Crockpot Recipe Review: Chicken Stuffing Stew
With the weather being what it is during an Indiana winter, I am always looking for new ways to use my crockpot and have something warm and wonderful waiting when I walk in the door from work.
I have made this recipe twice now. The first time I didn’t have the frozen cranberries and couldn’t find them in the grocery when I was buying the rest of the ingredients for this recipe, so I left them out. Hubby and I both LOVED this recipe! It was awesome. The sage really makes it. It reminds me of my mother’s Dressing recipe.
I actually used 4 cans of the chicken because that is what I had on hand. I forgot to take the photo before I opened all these containers, so I saved them to show you after the meal was already in the crockpot.
I eventually found the frozen cranberries on one of my grocery trips, so I decided to make it again. I have to say I wasn’t crazy about the overall taste after the cranberries were added.

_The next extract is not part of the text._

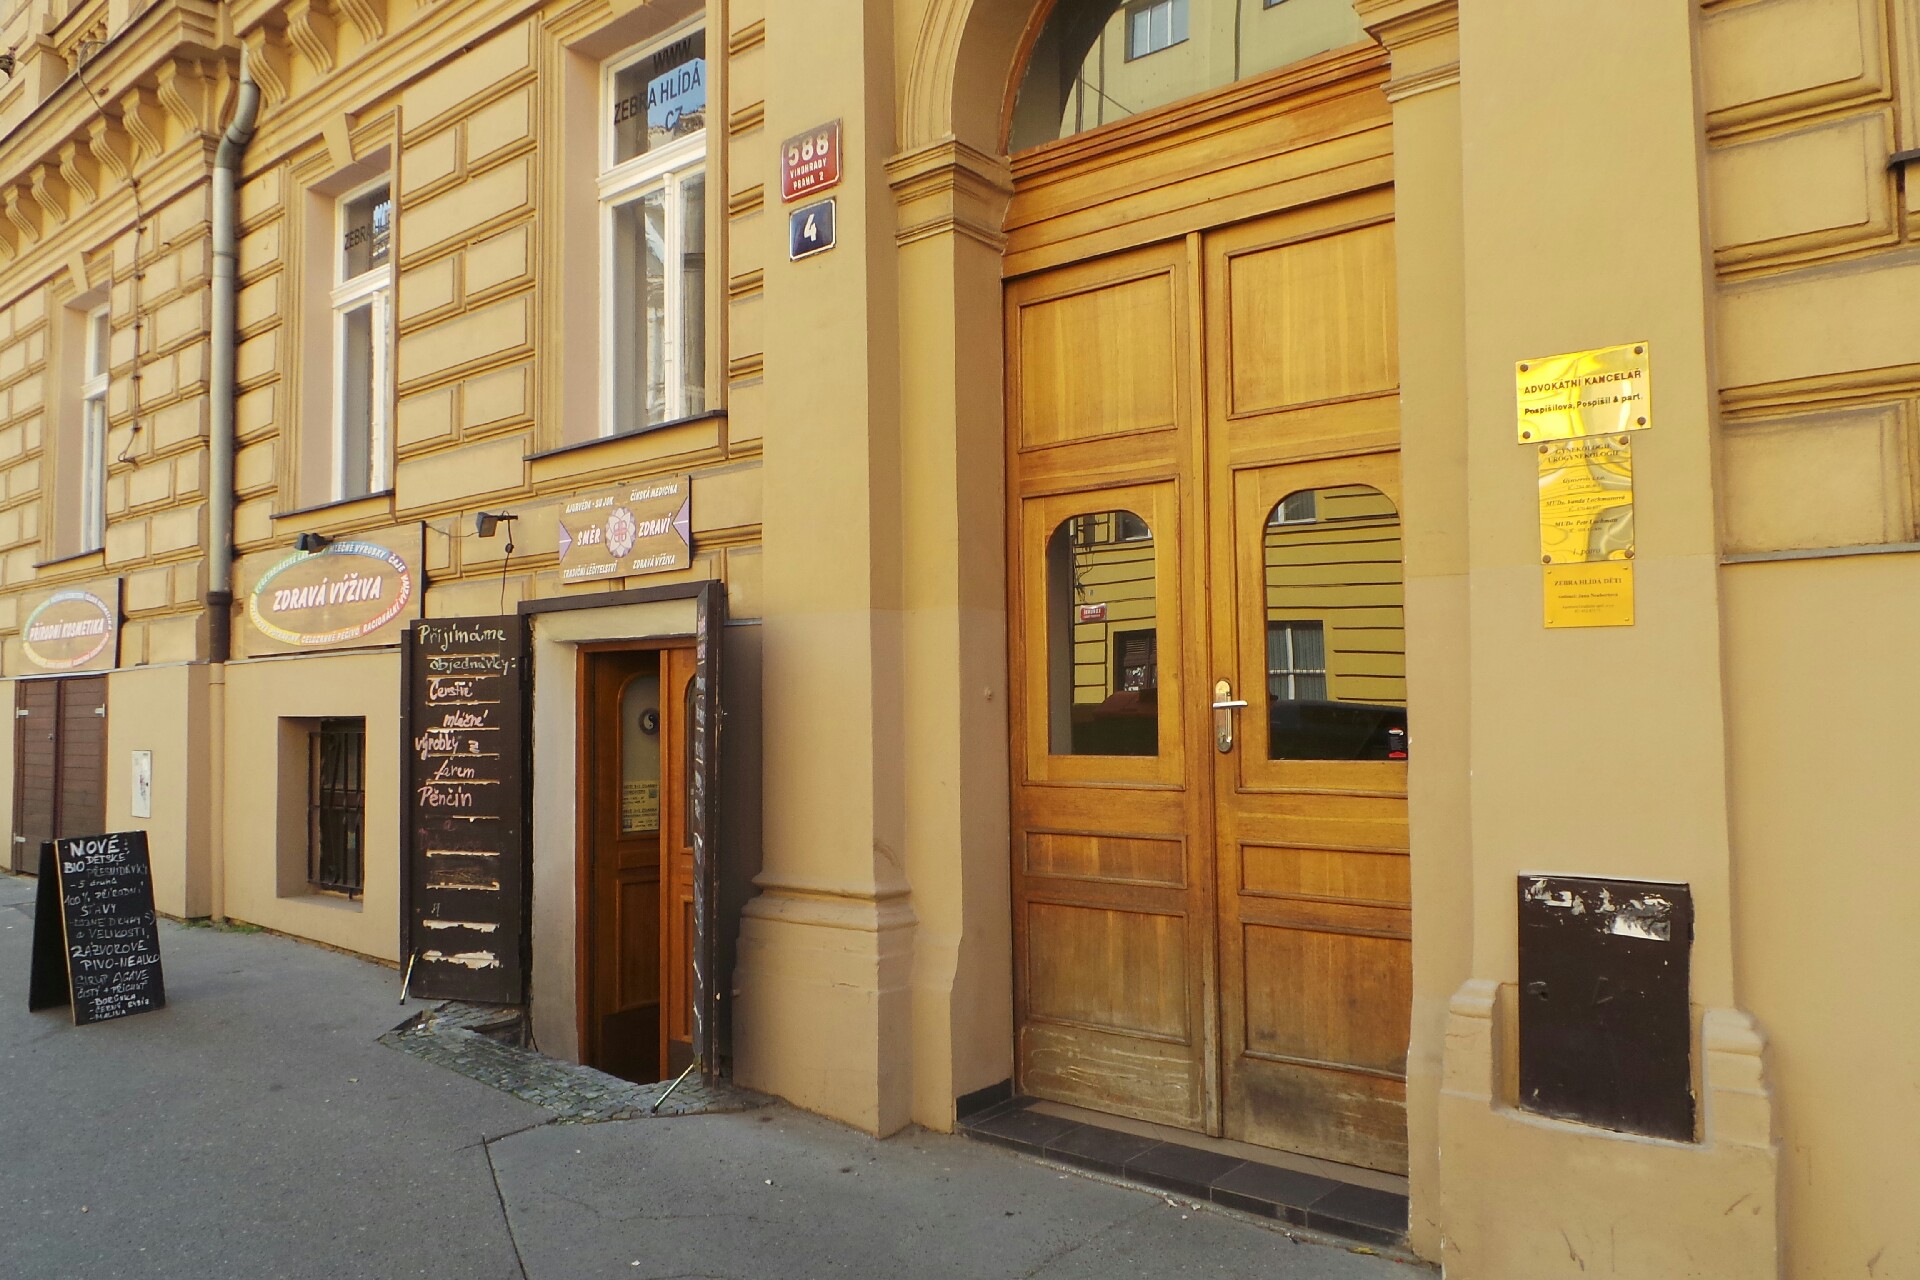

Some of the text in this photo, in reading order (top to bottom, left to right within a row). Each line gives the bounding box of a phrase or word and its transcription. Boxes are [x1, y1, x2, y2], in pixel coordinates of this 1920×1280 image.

The photo below shows what it looked like with the cranberries. Hubby helped me out by eating up all the leftovers. I will likely leave them out from now on but wanted to try it just to see how it would taste with the addition of the cranberries.
I highly recommend trying this recipe before the weather turns warm. It is a very hearty and satisfying meal. Makes great leftovers for dinner another night or lunch the next day.
Chicken Stuffing Stew
7-8 servings / 4 SP per serving
2 lb. chicken breast
2 cans chicken broth
1 pkg. Stove Top stuffing
2 cans turkey gravy (fat free gravy will lower the SP count)
2 cans corn
1 medium onion, diced
1 c. celery, diced
2 tbsp sage
1 bag frozen cranberries
Put all ingredients in slow cooker on low for 7 hours. Remove chicken and shred; return to slow cooker. Stir in cranberries; continue cooking for 15-30 minutes until cranberries are thawed.